◆ **Work required**
Copy out the listing that follows exactly, dropping every picture.

◆ **Records supplied**

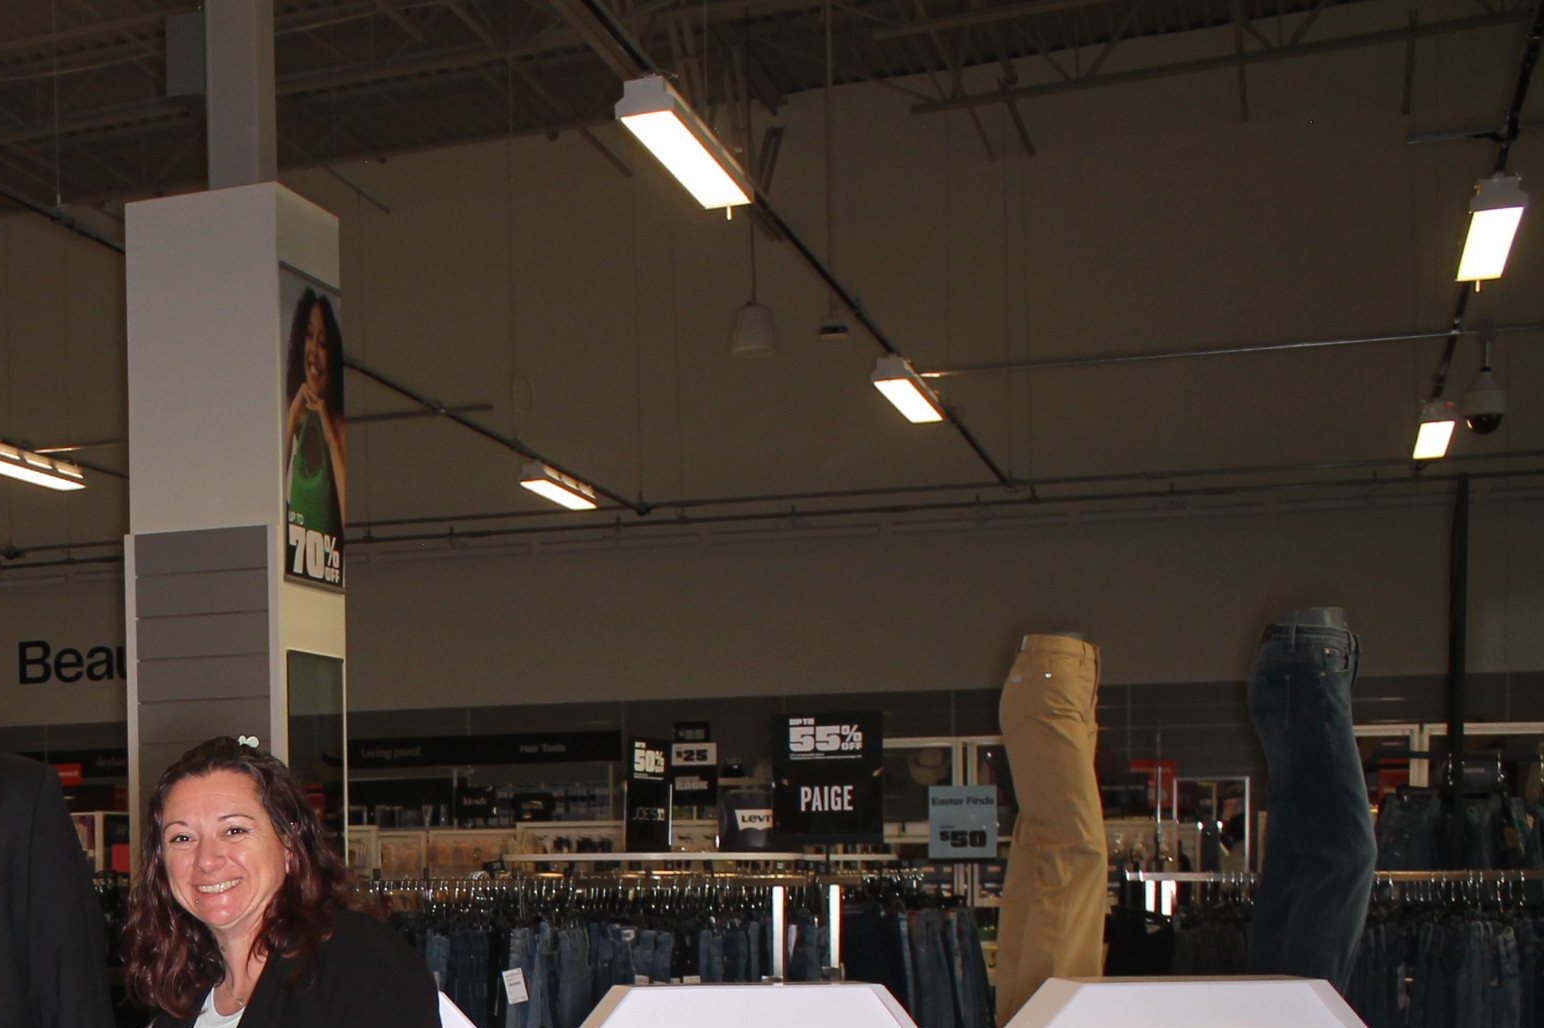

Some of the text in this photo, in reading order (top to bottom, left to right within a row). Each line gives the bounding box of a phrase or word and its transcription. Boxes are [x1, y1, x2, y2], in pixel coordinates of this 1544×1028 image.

[288, 523, 341, 579] 70%
[325, 566, 342, 584] OFF
[789, 724, 863, 752] 55%
[841, 741, 863, 751] OFF
[541, 742, 567, 753] Tools
[800, 784, 854, 812] PAIGE
[940, 830, 987, 848] $50

◆ **Problem solution**
Some of the text in this photo, in reading order (top to bottom, left to right within a row). Each line gives the bounding box of a phrase or word and its transcription. Boxes are [x1, y1, x2, y2], in pixel coordinates of this 1544×1028 image.

[288, 523, 341, 579] 70%
[325, 566, 342, 584] OFF
[789, 724, 863, 752] 55%
[841, 741, 863, 751] OFF
[541, 742, 567, 753] Tools
[800, 784, 854, 812] PAIGE
[940, 830, 987, 848] $50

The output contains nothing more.